Upon review of the competent evidence of record with respect to the errors assigned, and finding no good grounds to receive further evidence or rehear the parties or their representatives, the Full Commission, upon reconsideration of the evidence, affirms, with modifications, the Opinion and Award of the Deputy Commissioner.
*********** The Full Commission finds as fact and concludes as matters of law the following, which were entered into by the parties at the hearing before the Deputy Commissioner as:
STIPULATIONS 1. All stipulations contained in the Pre-Trial Agreement are received into evidence.
2. A black index of records marked as stipulated exhibit 1 was received into evidence.
3. Subsequent to the hearing, the parties submitted a statement by J. T. Garrett that was marked as stipulated exhibit 2 and received into evidence.
*********** Based upon all of the competent evidence adduced from the record, the Full Commission makes the following:
FINDINGS OF FACT 1. At the time of the hearing before the Deputy Commissioner, plaintiff was an unemployed fifty-six-year-old male who had completed high school coursework. Plaintiff's prior work history includes jobs in both farming and textiles. At the time of the hearing before the Deputy Commissioner, plaintiff was attending Richmond Community College in an effort to obtain a Human Services degree.
2. Prior to his employment with defendant-employer, plaintiff received a yearly cortisone shot for pain in his shoulders. Plaintiff's preexisting bilateral shoulder condition had not resolved prior to his beginning employment with defendant-employer.

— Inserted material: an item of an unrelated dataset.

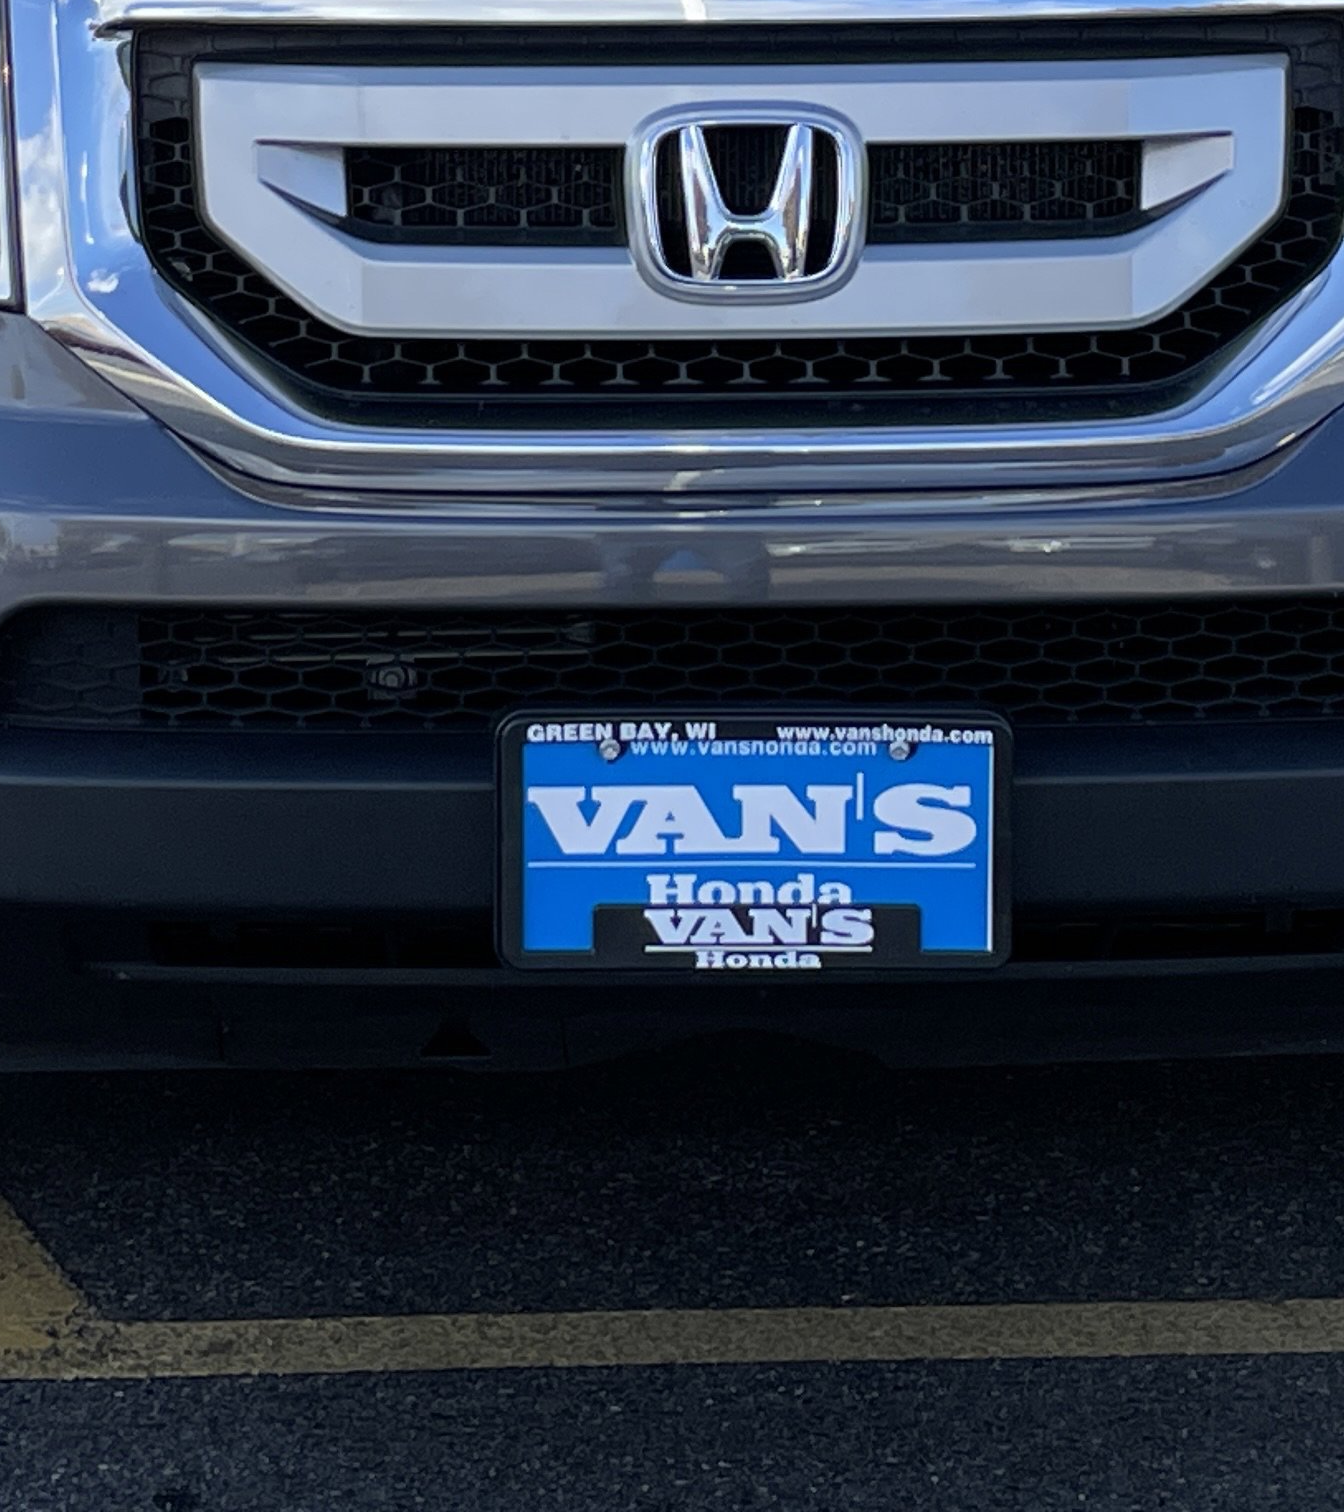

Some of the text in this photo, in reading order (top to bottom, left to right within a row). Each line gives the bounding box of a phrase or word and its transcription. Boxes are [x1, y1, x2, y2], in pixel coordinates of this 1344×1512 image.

3. Plaintiff was employed by defendant-employer as a sorter from 1990 until he was laid off in November of 1995. Plaintiff's job consisted of sorting different bundles of sweatpants. Plaintiff would pick up a bundle, sling it with his right arm, and then go back and get another bundle. Each bundle of garments weighed between eight and twenty pounds. Plaintiff unloaded between forty-eight and sixty bundles per buggy. He unloaded between eight and ten buggies full of bundles each day. Plaintiff performed this activity eight hours a day, five days a week.
4. During the first week after plaintiff was employed as a sorter with defendant-employer, plaintiff experienced pain in both of his shoulders.
5. Prior to being laid off, plaintiff had repeatedly complained of the pain he was experiencing in his shoulders.
6. Plaintiff's performance of his job duties as a sorter for defendant-employer aggravated his preexisting bursitis, impingement syndrome, and degenerative arthritis of the acromiclavicular joint in his right shoulder. This aggravation resulted in the tearing of plaintiff's rotator cuff in his right shoulder.
7. Plaintiff's preexisting right shoulder condition placed him at a high risk of re-developing a shoulder condition when he engaged in repetitive motion of the shoulder.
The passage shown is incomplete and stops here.